Though Philippe Petit is well represented and Joseph Gordon-Levitt delivers a wonderful performance, the rest of the characters feel short-changed. Even Annie Allix, who was Petit’s girlfriend and thus close to him, feels a bit pushed to the margins for this film. Most of the other actors do their best with the material, but the result is that it feels like they’re set on the sidelines somewhat to give more room to Petit. Also, there is an aspect of this film that serves as a double-edged sword: namely, the film is a valentine to the World Trade Center. With its well-done recreation of the building and the exceptional presentation of the titual walk, the film captures not only its place in the public eye but also frames Petit’s high-wire walk in how it changed the perception of the Twin Towers. Prior to his walk, the World Trade Center was criticized and seen as a utilitarian-designed eyesore. After his walk, people began to like the towers and develop a certain fondness for the buildings. While it does show how people were struck by his walk, there’s a certain degree of the movie’s valentine presentation that works if you know of the towers prior to their destruction on 9/11. Without that context, it feels like there might be something missing to some of the audience. The film doesn’t specifically mention their destruction so as to keep the focus on the wonder and delight of Petit’s walk, but by making the movie as something of a valentine to these buildings without noting why they are to be remembered with that fondness or interest, it is as if there is a key component gone. Thus, while the movie is fun and a delight, one may be left noticing that something feels missing.
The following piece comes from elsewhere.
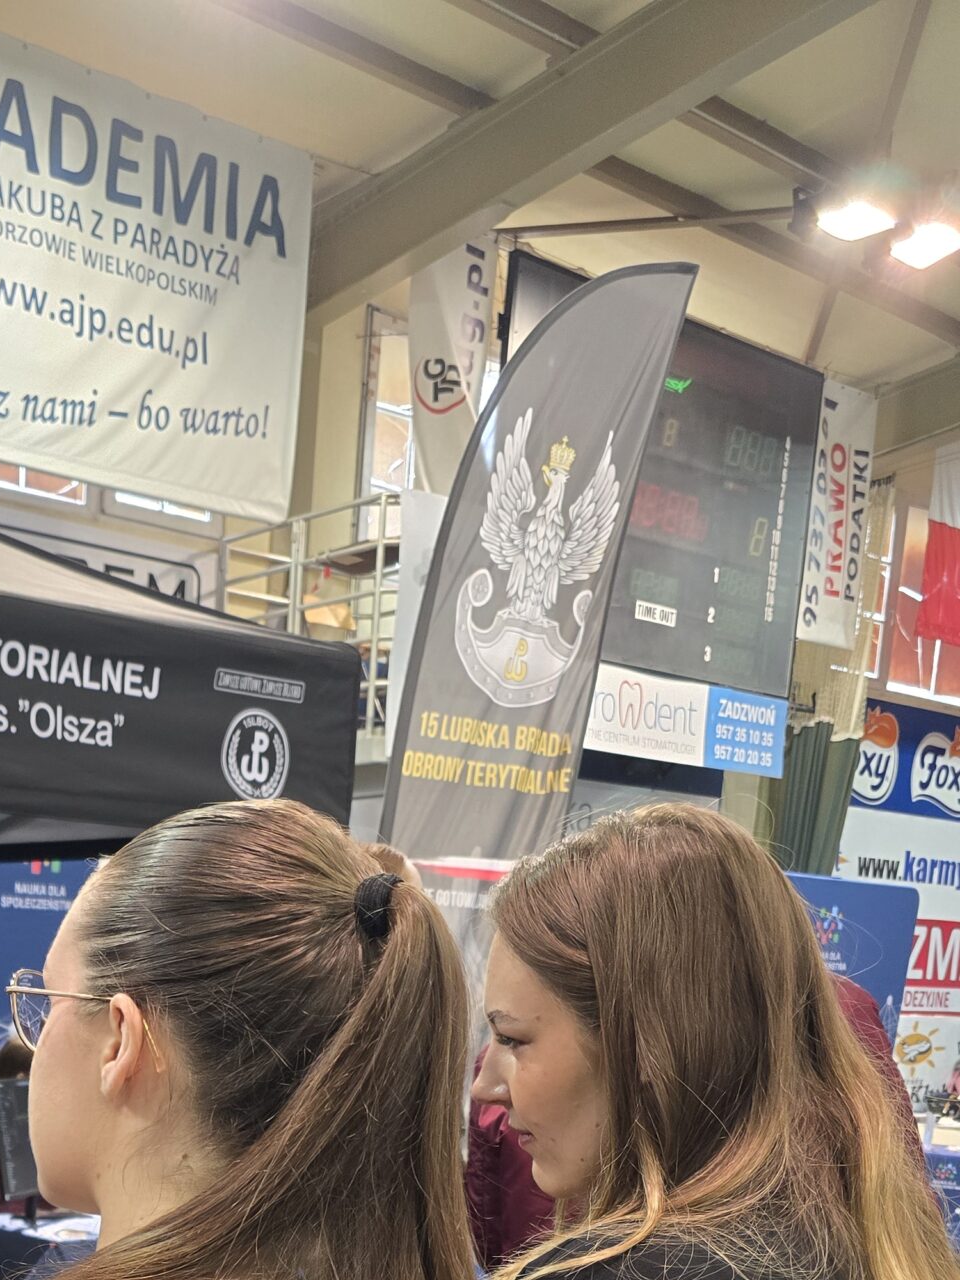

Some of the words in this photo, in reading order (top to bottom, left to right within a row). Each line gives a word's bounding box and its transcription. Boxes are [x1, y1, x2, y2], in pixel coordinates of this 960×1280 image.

So, should this be avoided and Man on Wire seen instead? Personally, I feel that both this film and that documentary work with their respective choices. Man on Wire examines Petit’s daring walk on a personal level, looking at the mechanics of achieving this stunt while examining the experiences and toll on Philippe Petit and his accomplices. The Walk, meanwhile, looks at the same moment from a grander perspective about how Petit’s walk had left an impact and a new appreciation for a pair of buildings once derided as looking like giant filing cabinets. As for whichever you may like, I believe that you are a better judge of your personal tastes. Man on Wire is available on DVD and Blu Ray. The Walk is currently showing in IMAX theaters, with a general theatrical release starting on October 9th. If you do see The Walk, I highly recommend seeing it in IMAX.